Philip P. Arnold’s book The Urgency of Indigenous ValuesOpen Access via JSTOR is a clear and urgent intervention into religious studies, Indigenous studies, environmental humanities, and the ongoing critique of settler colonialism. Rather than treating Indigenous lifeways through the limited category of “religion,” Arnold argues for the language of Indigenous values: a framework that better names land, relation, ceremony, reciprocity, responsibility, ancestors, nonhuman beings, and future generations as part of a living moral world.
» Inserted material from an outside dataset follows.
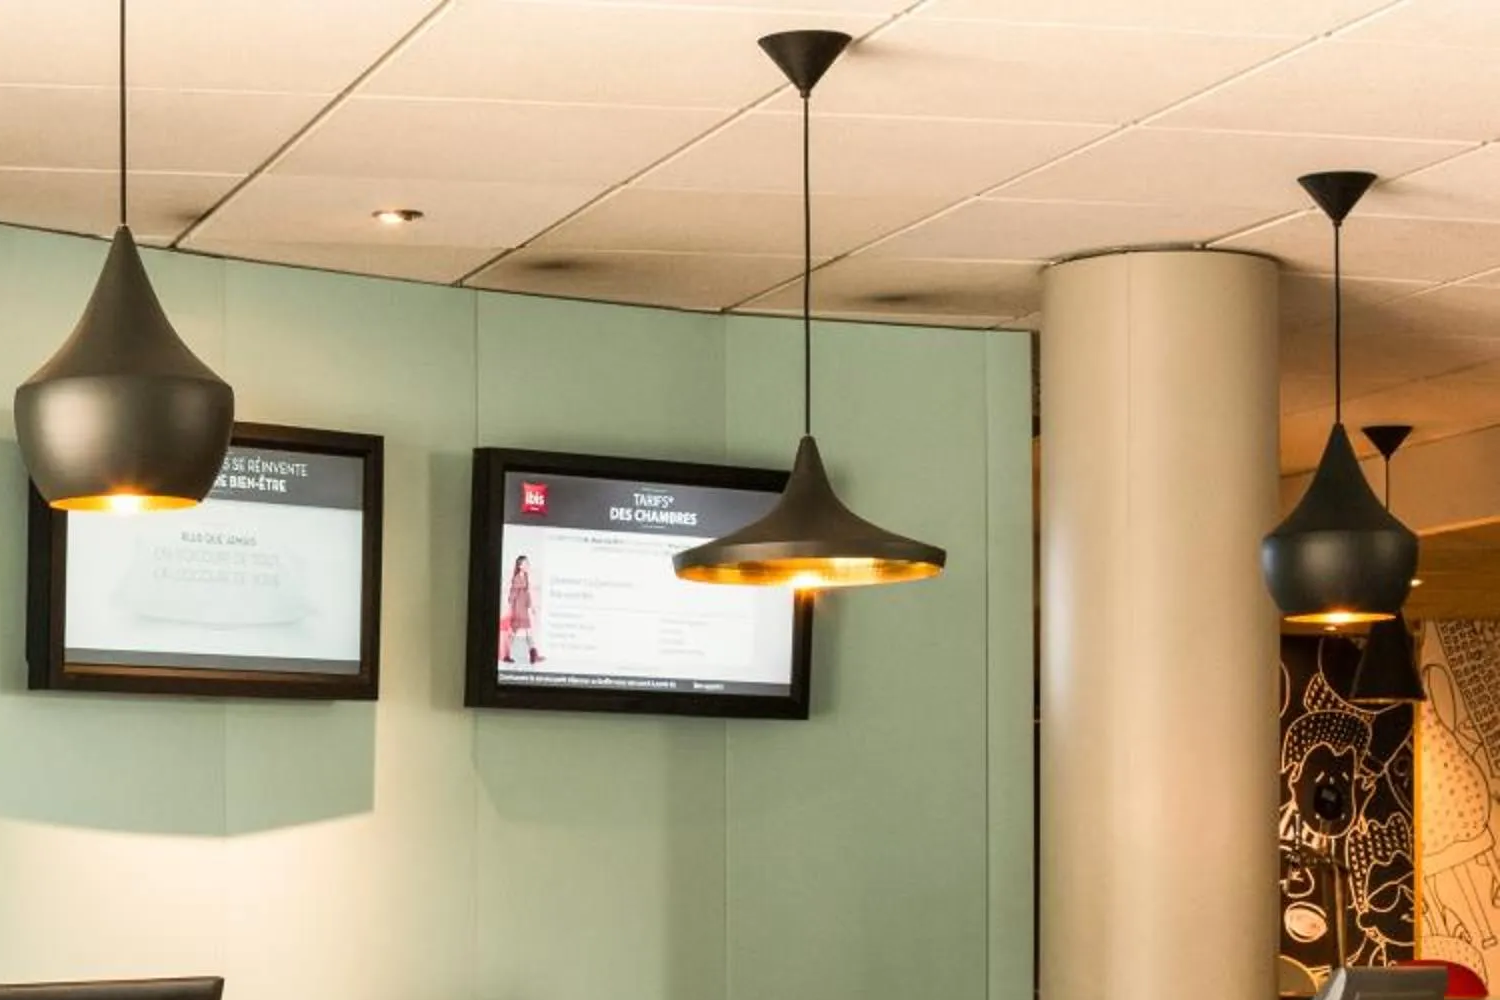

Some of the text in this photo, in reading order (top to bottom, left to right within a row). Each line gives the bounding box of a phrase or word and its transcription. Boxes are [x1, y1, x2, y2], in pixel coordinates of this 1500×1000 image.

[229, 474, 287, 492] BIEN-ÊTRE
[525, 491, 545, 505] ibis
[610, 507, 697, 525] DES CHAMBRES
The review highlights Arnold’s grounding in Haudenosaunee traditions and his long relationship with Haudenosaunee communities in central New York, especially the Onondaga Nation. It also traces the book’s critique of Western categories that separate religion from politics, ecology, land, and public life. Arnold’s concepts of paying attention, habitus, and exchange give readers a practical vocabulary for thinking beyond extraction, commodification, and domination.
At its center, The Urgency of Indigenous Values argues that the ecological crisis is also a crisis of relation. The problem is not only what modern societies do to land, water, and nonhuman life. The deeper problem is what those societies have been taught to believe land is. Arnold connects this crisis to Christian colonialism, dominion theology, and the Doctrine of Christian Discovery, while also pointing toward Indigenous values of attention, reciprocity, restraint, and responsibility.